Trading week is flat, foreign investors stop net selling
With investors taking short-term profits and cautious sentiment about the US CPI information, the stock market witnessed a week of almost flat trading. The VN-Index ended the week at 1,154.7 points, unchanged from the previous week. Meanwhile, the HNX-Index fell 1.1% to 230.31 points and the UPCOM-Index fell 1.1% to close at 86.9 points.
State-owned banking stocks VCB (+2.9%), CTG (+8.2%), BID (+3.4%) were the main factors leading the recovery. On the contrary, stocks VHM (-4.2%), GVR (-6.4%) and GAS (-2.7%) put pressure on the general index.

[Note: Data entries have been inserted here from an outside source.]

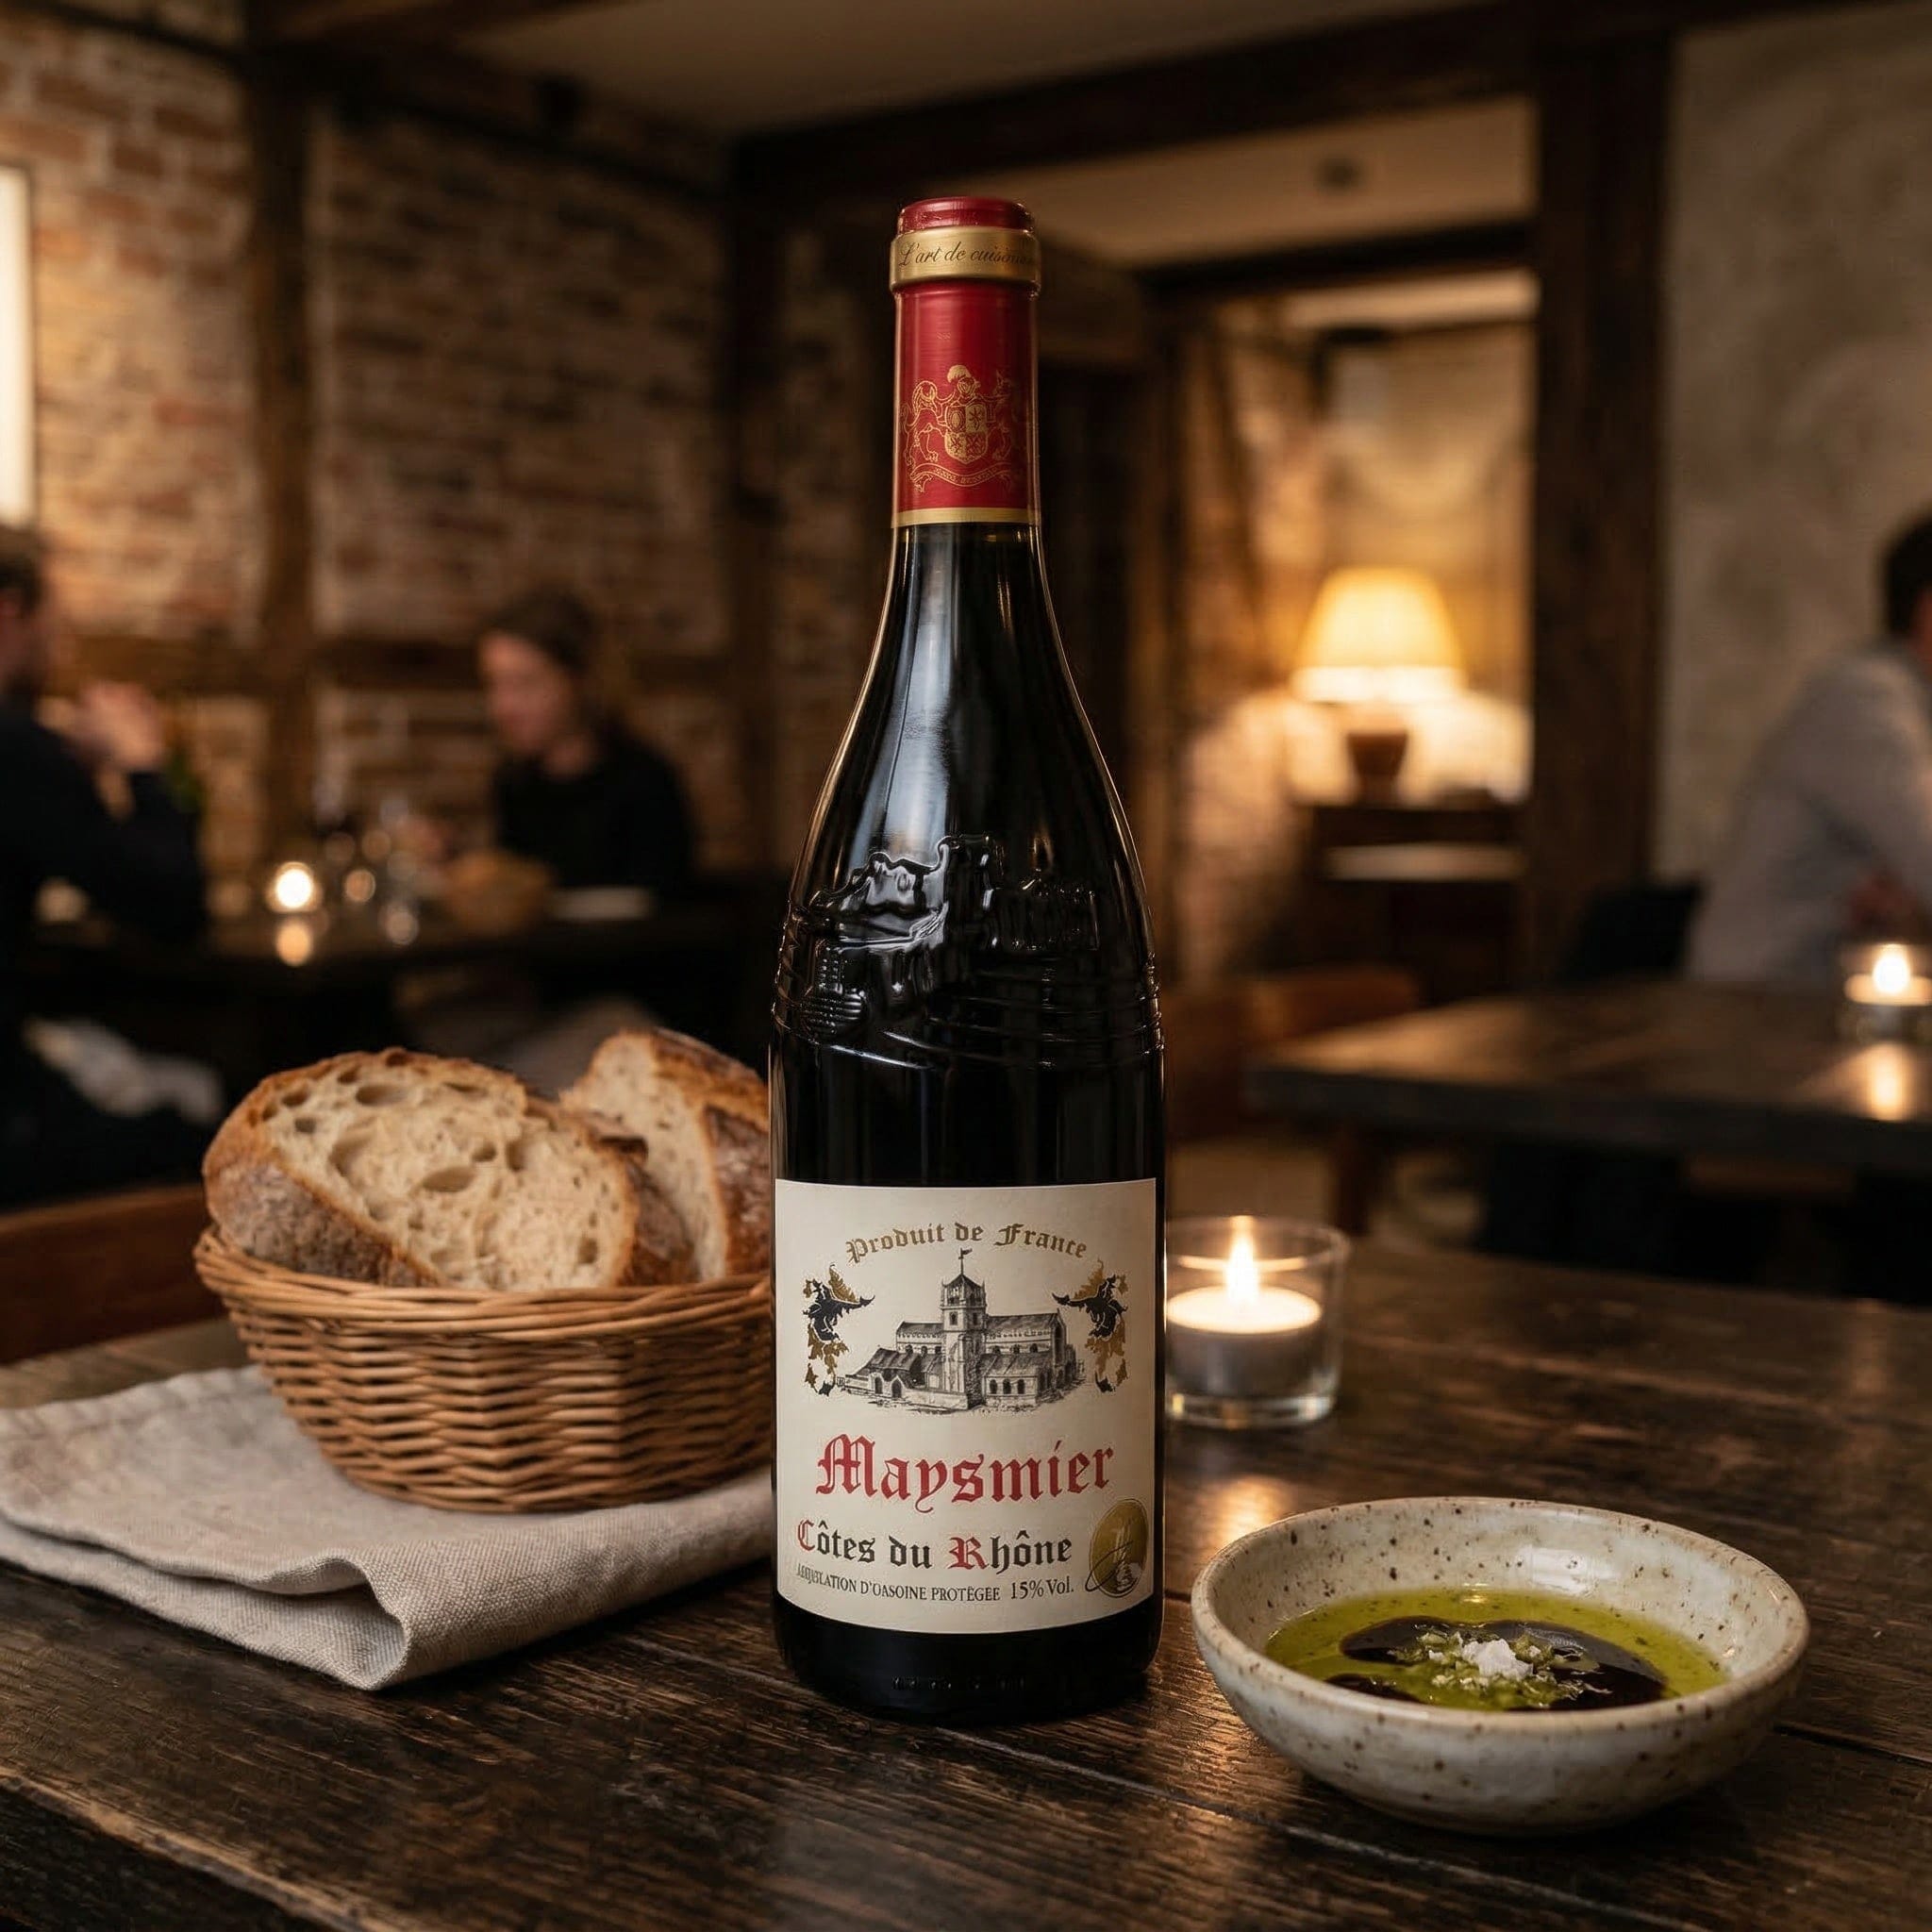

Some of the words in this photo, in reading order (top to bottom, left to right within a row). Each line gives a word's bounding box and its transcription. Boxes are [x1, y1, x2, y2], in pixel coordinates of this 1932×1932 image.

[944, 242, 967, 261] de
[845, 1224, 944, 1263] Produit
[955, 1223, 984, 1241] de
[993, 1223, 1088, 1258] France
[815, 1433, 1114, 1513] Maysmier
[796, 1519, 875, 1563] Côtes
[889, 1534, 932, 1569] du
[948, 1530, 1073, 1574] Rhône
[1010, 1579, 1044, 1600] 15%
[1045, 1575, 1074, 1596] Vol.

Last week, liquidity increased sharply by 25.5% compared to the previous week, reaching VND18,664 billion/session. This shows the positivity of the market when investors traded actively again. In addition, foreign investors stopped net selling and switched to net buying slightly VND22 billion on all 3 exchanges. They net bought VND234.7 billion on HOSE while net selling VND19.3 billion on HNX and net selling VND193 billion on UPCOM.
Lack of leadership when entering the information valley
Speaking with Lao Dong, Mr. Dinh Quang Hinh - Head of Macro and Market Strategy Department of VNDIRECT Securities Company - predicted that the tug-of-war trend of the stock market could continue into the next trading week when the cash flow has not yet reached consensus and spread among industry groups.
"The recent increase in stock indices has been mainly driven by banking stocks. While other sectors have not shown signs of attracting cash flow. With the banking group likely to see profit-taking pressure in the coming trading sessions, the lack of an alternative leading group in the market may make it difficult to maintain the market's upward trend.
At the same time, the market is also preparing to enter a low-information support zone before the Lunar New Year, while some emerging risk factors may affect the general trend. Specifically, the recently announced US inflation figures are higher than expected, which will reduce the excitement of international markets. Domestically, gold prices are still high, along with the unexpected return of exchange rate pressure in recent sessions, which is a risk factor that needs to be observed," Mr. Hinh assessed.
On the above basis, short-term investors need to adhere to discipline at the present time, proactively reduce the proportion of stocks to a safe threshold (about 50% of stocks) and limit the use of leverage. It is necessary to carefully observe market developments at the nearest support zone of 1,130 - 1,140 points before making new decisions to buy or increase the proportion of stocks.
Experts from SHS Securities Company said that the market is moving positively but the increase has slowed down and fluctuated within a narrow range. After forming a short-term increase, VN-Index is returning to test the support level of 1,150 points and there may be further fluctuations.
Short-term investors need to be cautious when VN-Index has not confirmed a successful support test. For medium and long-term investors, the market is gradually consolidating and forming an accumulation foundation, but this process will take a long time. Medium and long-term investors can completely disburse but with the view of buying and accumulating gradually because the time to form a new uptrend will be quite long.